WORK ITEM → Produce a verbatim copy of the data below that contains no pictures.

*** Opening of DATASET ENTRIES ***

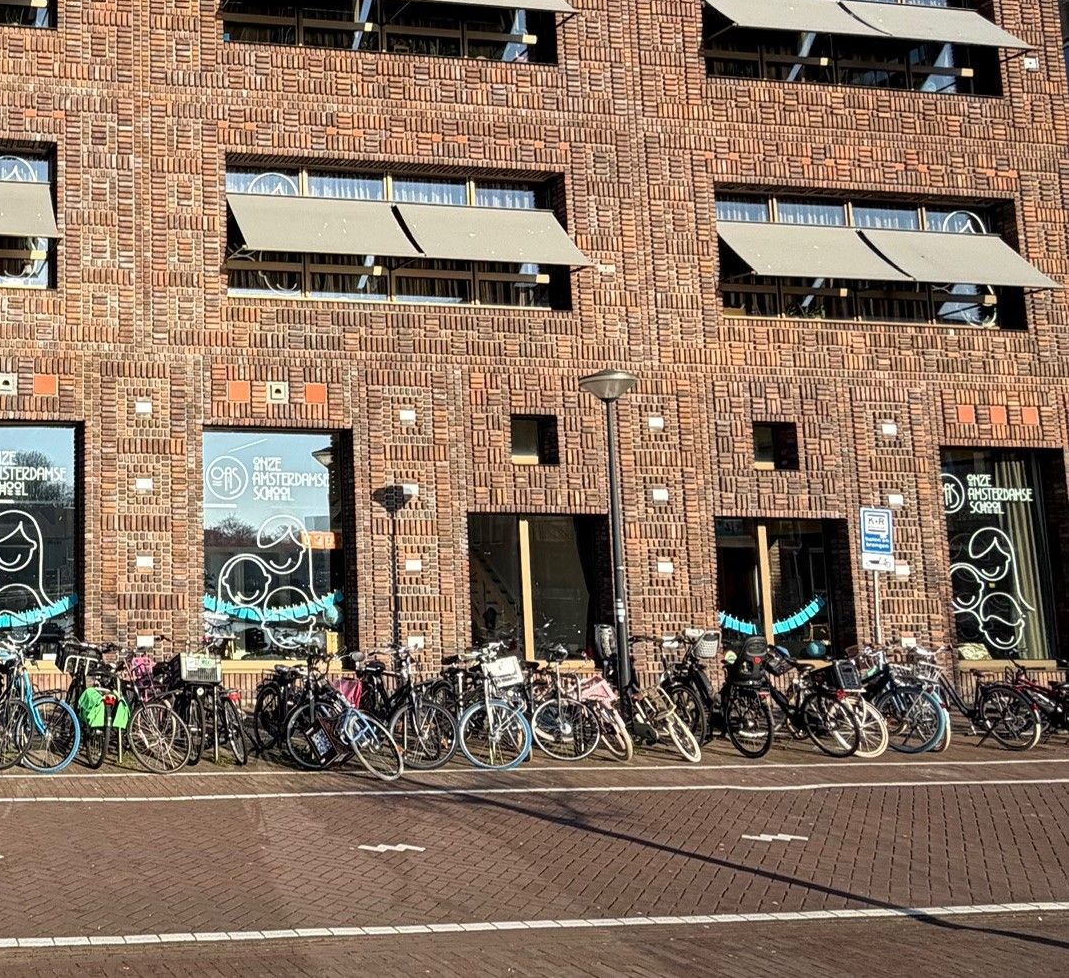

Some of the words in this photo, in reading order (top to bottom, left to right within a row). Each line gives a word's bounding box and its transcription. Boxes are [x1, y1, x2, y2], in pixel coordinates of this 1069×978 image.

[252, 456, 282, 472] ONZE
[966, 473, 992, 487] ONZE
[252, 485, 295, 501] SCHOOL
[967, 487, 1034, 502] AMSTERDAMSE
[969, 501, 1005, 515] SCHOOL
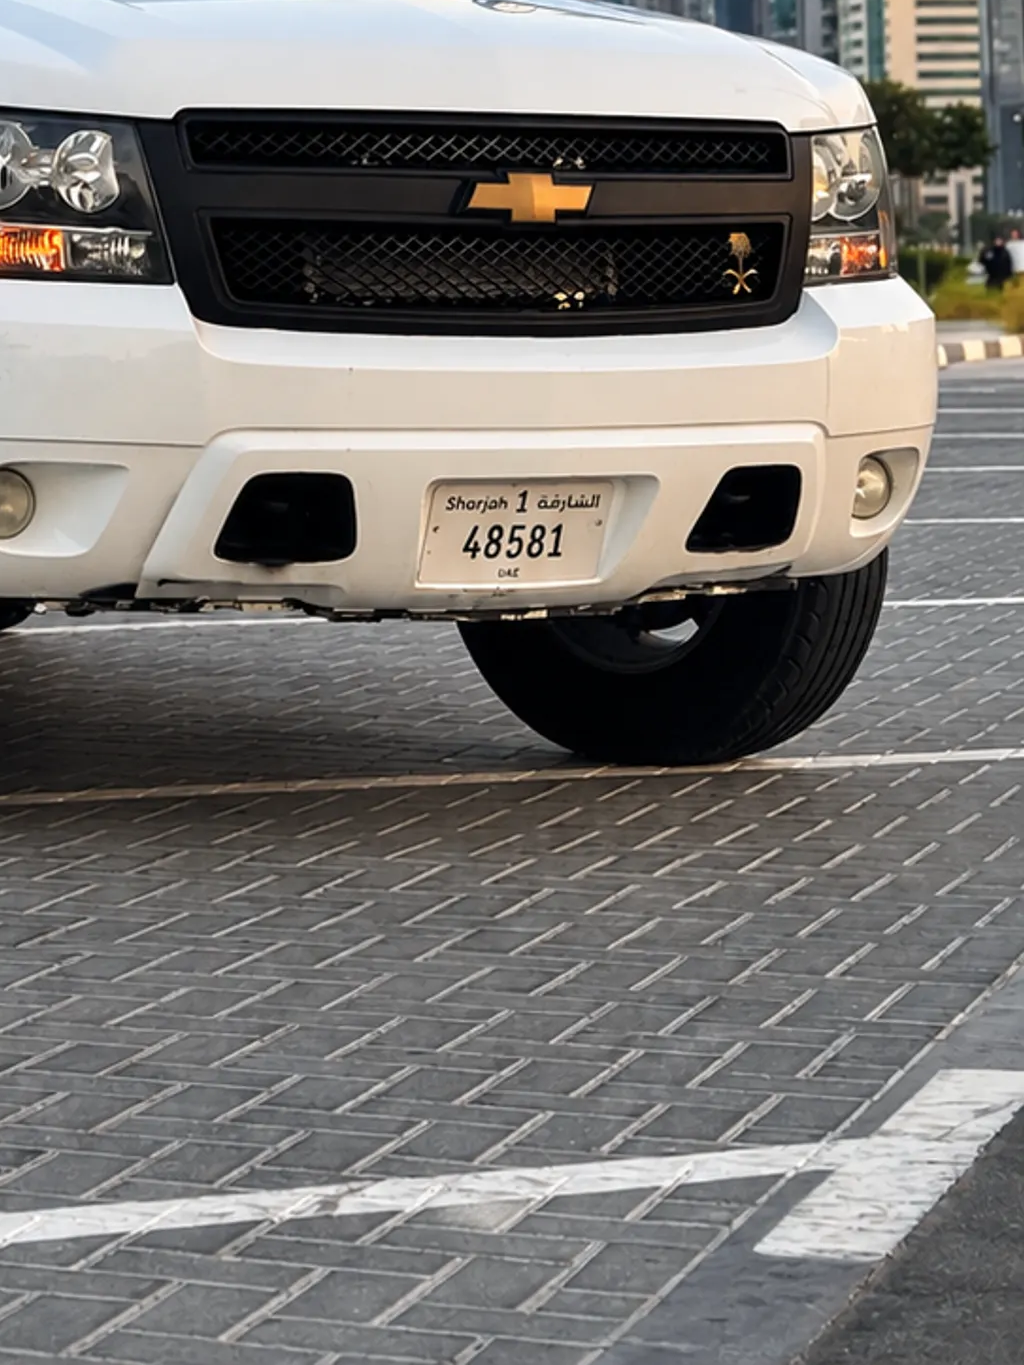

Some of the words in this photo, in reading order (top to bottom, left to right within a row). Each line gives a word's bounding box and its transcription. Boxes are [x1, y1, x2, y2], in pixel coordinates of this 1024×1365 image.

*** Close of DATASET ENTRIES ***

OUTPUT BELOW →
Some of the words in this photo, in reading order (top to bottom, left to right within a row). Each line gives a word's bounding box and its transcription. Boxes are [x1, y1, x2, y2], in pixel coordinates of this 1069×978 image.

[252, 456, 282, 472] ONZE
[966, 473, 992, 487] ONZE
[252, 485, 295, 501] SCHOOL
[967, 487, 1034, 502] AMSTERDAMSE
[969, 501, 1005, 515] SCHOOL

Some of the words in this photo, in reading order (top to bottom, left to right within a row). Each line gives a word's bounding box and its transcription. Boxes are [x1, y1, x2, y2], in pixel coordinates of this 1024×1365 image.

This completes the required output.